O especialista frisa que o mais importante é ficar de olho nas características desse processo de emagrecimento.

“Perder peso, mesmo quando você tem essa intenção, não é fácil. Por isso, uma perda expressiva, como de 10% da massa corporal em dois anos, especialmente quando não intencional, pode ser um sinal de uma doença não diagnosticada – como um câncer. Nesses casos, vale a pena procurar um médico”, explica.

Ainda de acordo com Rezende, indivíduos com baixa intencionalidade de perder peso (isto é, pouco comprometidas com a prática de exercícios ou com uma alimentação equilibrada) registraram uma incidência de diagnósticos de câncer mais de duas vezes superior em relação a quem não perdeu peso.

Qual tipo de câncer prevaleceu?

De acordo com o estudo, o tipo de câncer mais observado (173 casos/100 mil pessoas) nos 12 meses seguintes entre os participantes que perderam mais de 10% do peso corporal foi o de trato gastrointestinal superior – que acomete esôfago, estômago, fígado, trato biliar ou pâncreas.

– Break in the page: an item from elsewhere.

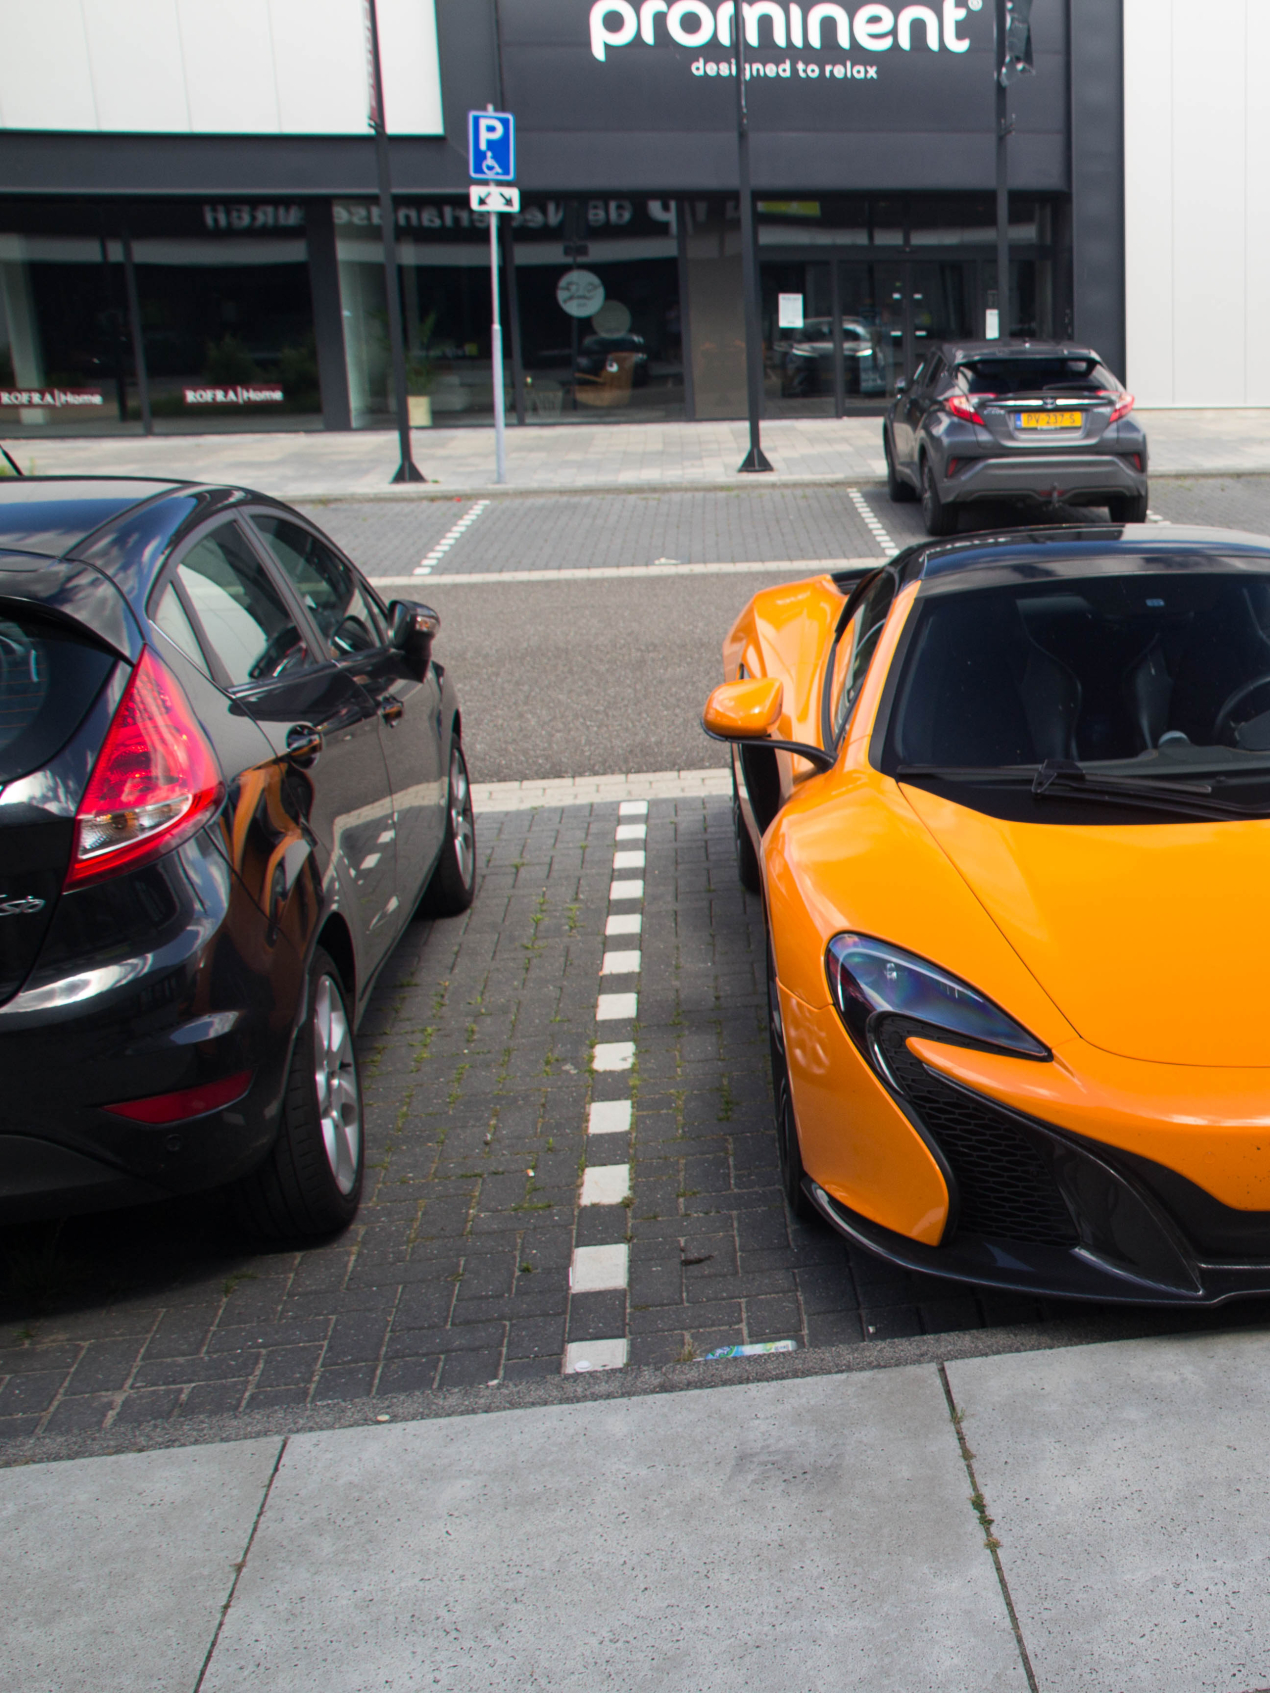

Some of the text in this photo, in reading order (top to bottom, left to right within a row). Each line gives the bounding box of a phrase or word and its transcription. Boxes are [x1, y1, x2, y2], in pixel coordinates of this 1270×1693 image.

[796, 60, 820, 79] to
[825, 59, 878, 80] relax
[479, 117, 504, 151] P

O oncologista gastrointestinal Felipe Coimbra, do A.C. Camargo Cancer Center, em São Paulo, comenta que os resultados da pesquisa são condizentes com o que ele observa no dia a dia. “A perda de peso é uma característica frequentemente associada aos cânceres do trato gastrointestinal. Isso acontece porque o tumor pode obstruir fisicamente o caminho do alimento, dificultando a sua ingestão ou causando sintomas que desencorajam a alimentação, como dor e desconforto”, explica.

O especialista comenta ainda que, além da perda de peso não intencional, é preciso prestar atenção em outros possíveis sintomas. São eles:

Dificuldade para engolir;

Sensação de plenitude (estômago cheio) precoce;

Estufamento no abdômen;

Dor abdominal persistente;

Sangramentos gastrointestinais (evidenciado por fezes escuras ou vômito com sangue);

Má digestão;

Mudanças no hábito intestinal, como diarreia e constipação crônica.

“É fundamental ficar de olho nos sinais do seu corpo e, no caso de sintomas suspeitos e mudanças persistentes, procurar um médico. A detecção precoce é um dos pilares mais importantes para vencer o câncer”, destaca.

Emagrecimento rápido pode sinalizar outros tipos de tumores?

Sim. Um exemplo são os linfomas, cânceres que acometem o sistema linfático, responsável pelo combate de infecções. O hematologista Eduardo Rego, professor da Faculdade de Medicina da Universidade de São Paulo (USP), coordenador nacional de Hematologia Oncológica da Rede D´Or e pesquisador do IDOR, reforça que a perda de peso expressiva (de mais de 10% da massa corporal) deve chamar a atenção sobretudo quando ocorre em um período de três meses e não está vinculada a comportamentos ligados ao emagrecimento.

Segundo o especialista, nos linfomas, o tumor provoca mudanças na produção de moléculas que interferem no metabolismo do tecido gorduroso e muscular e, consequentemente, levam à perda de peso. “Trata-se de um quadro inflamatório que ocasiona uma mudança no padrão de consumo de energia”, descreve.

Apesar disso, Rego destaca que a perda de peso é apenas um dos aspectos que merecem ser considerados. “Os pacientes costumam ter também episódios de sudorese (suor) noturna e febre leve ao final do dia”, exemplifica.

O oncologista Oren Smaletz, do Hospital Israelita Albert Einstein, em São Paulo, frisa que, na verdade, um emagrecimento tão expressivo deve acender o alerta para outros tipos de tumores. “Pacientes com câncer muitas vezes têm um desbalanço hormonal que causa a sensação de saciedade e diminui o apetite. Por isso, de forma geral, muitos deles podem apresentar perda de peso”, justifica.